▶ WORK ITEM
Your answer should be the records again, unchanged in wording and free of images.

▶ DATA TO USE
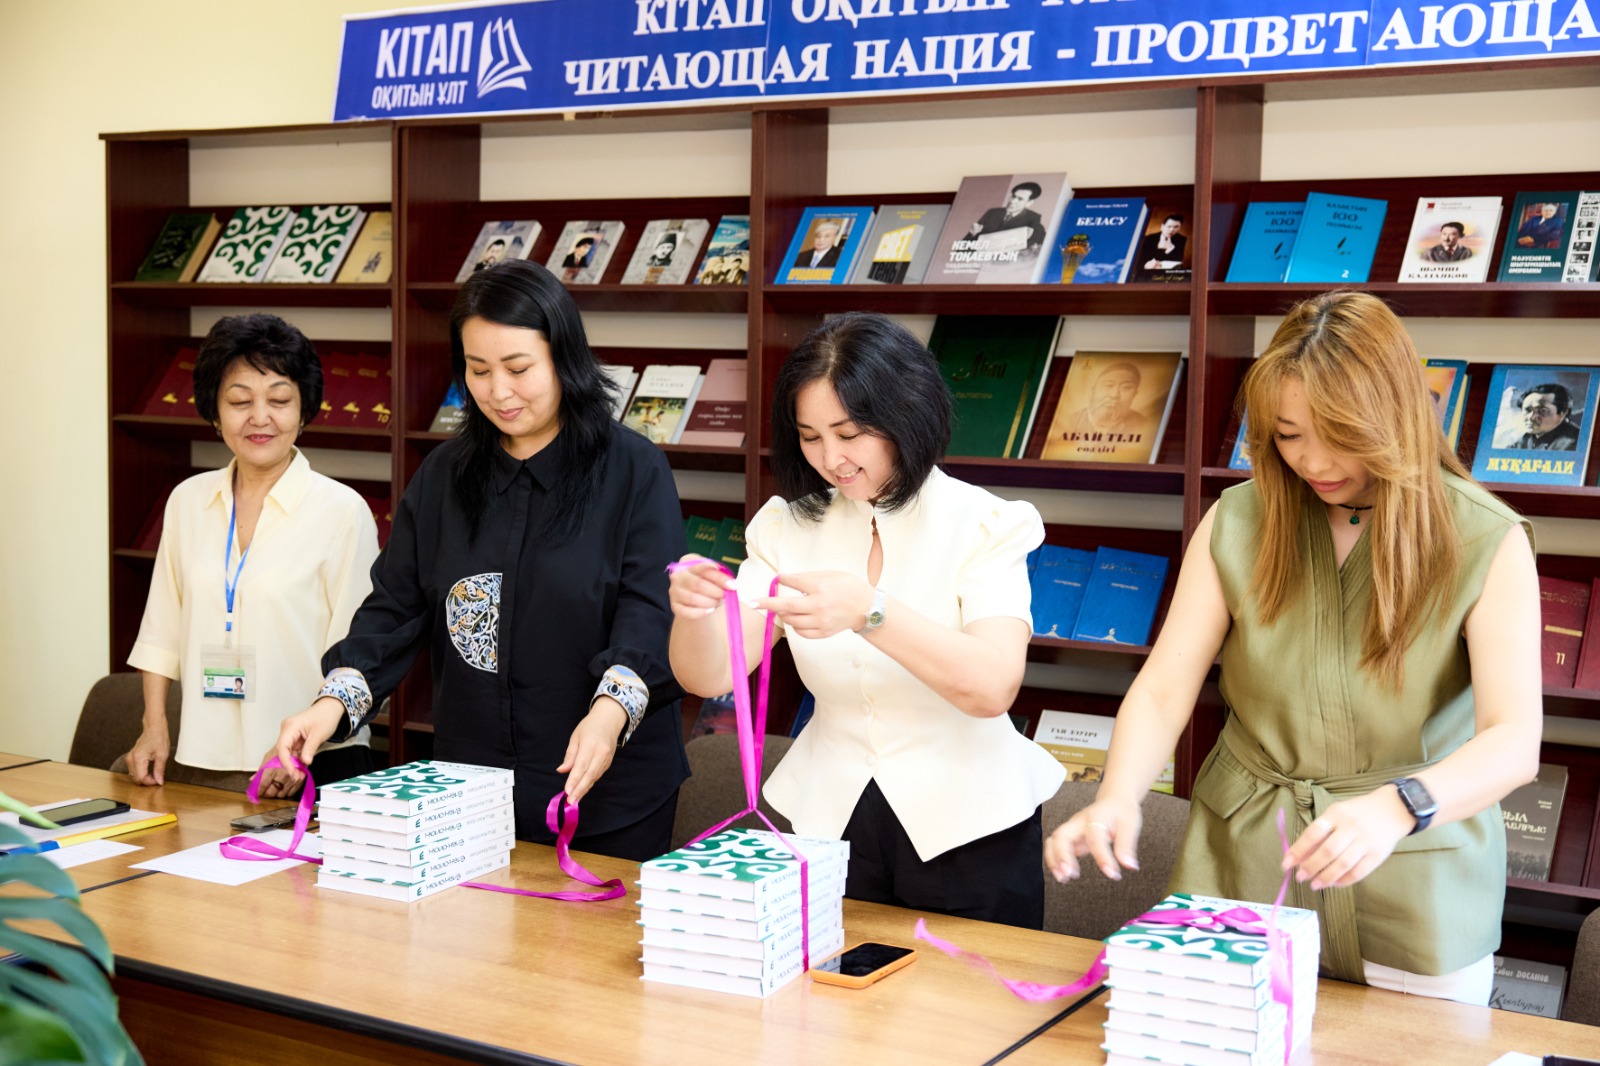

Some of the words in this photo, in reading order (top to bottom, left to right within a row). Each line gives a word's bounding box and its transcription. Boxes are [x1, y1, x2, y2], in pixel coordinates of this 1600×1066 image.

[633, 0, 766, 36] КІТАП
[375, 21, 474, 79] КІТАП
[563, 42, 833, 96] ЧИТАЮЩАЯ
[850, 30, 1036, 84] НАЦИЯ
[371, 84, 435, 111] ОҚИТЫН
[436, 80, 469, 105] ҰЛТ
[1076, 216, 1128, 226] БЕЛАСУ
[951, 240, 990, 250] КЕМЕЛ
[1341, 269, 1349, 278] 2
[1060, 432, 1103, 442] АБАЙ
[1556, 652, 1565, 665] 11
[1516, 970, 1549, 982] ДОСАНОВ
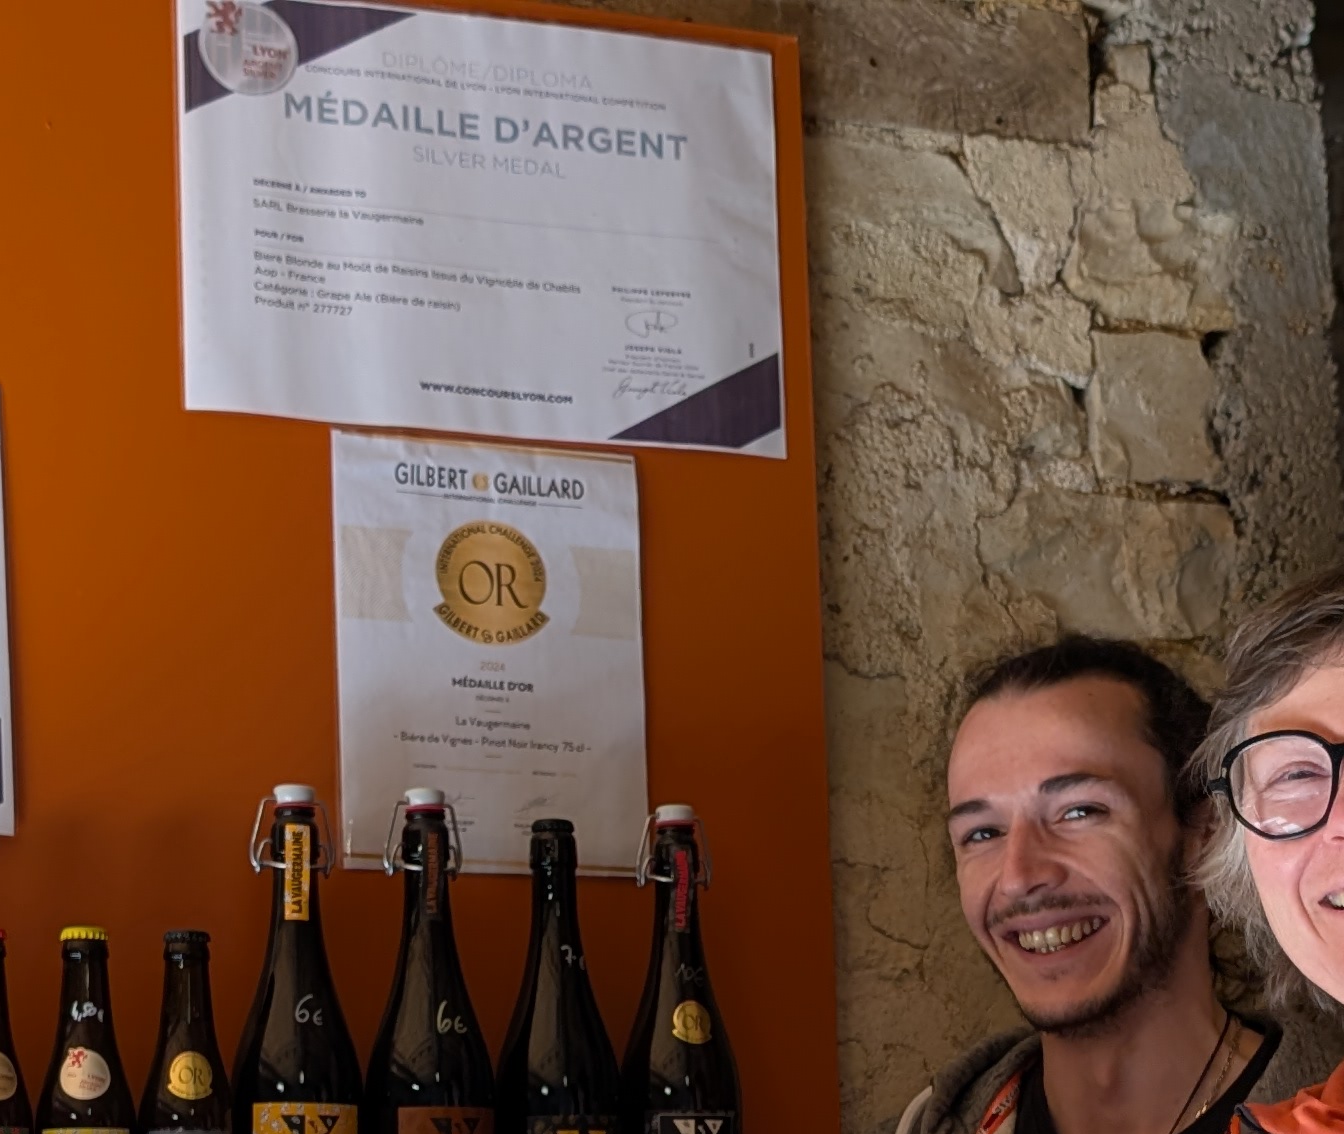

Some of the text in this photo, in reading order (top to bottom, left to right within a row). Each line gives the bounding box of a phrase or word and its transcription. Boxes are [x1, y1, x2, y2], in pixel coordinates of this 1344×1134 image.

▶ RESPONSE TO THIS TASK
Some of the words in this photo, in reading order (top to bottom, left to right within a row). Each line gives a word's bounding box and its transcription. Boxes are [x1, y1, x2, y2], in pixel coordinates of this 1600×1066 image.

[633, 0, 766, 36] КІТАП
[375, 21, 474, 79] КІТАП
[563, 42, 833, 96] ЧИТАЮЩАЯ
[850, 30, 1036, 84] НАЦИЯ
[371, 84, 435, 111] ОҚИТЫН
[436, 80, 469, 105] ҰЛТ
[1076, 216, 1128, 226] БЕЛАСУ
[951, 240, 990, 250] КЕМЕЛ
[1341, 269, 1349, 278] 2
[1060, 432, 1103, 442] АБАЙ
[1556, 652, 1565, 665] 11
[1516, 970, 1549, 982] ДОСАНОВ

Some of the text in this photo, in reading order (top to bottom, left to right within a row). Each line gives the bounding box of a phrase or word and its transcription. Boxes are [x1, y1, x2, y2], in pixel coordinates of this 1344×1134 image.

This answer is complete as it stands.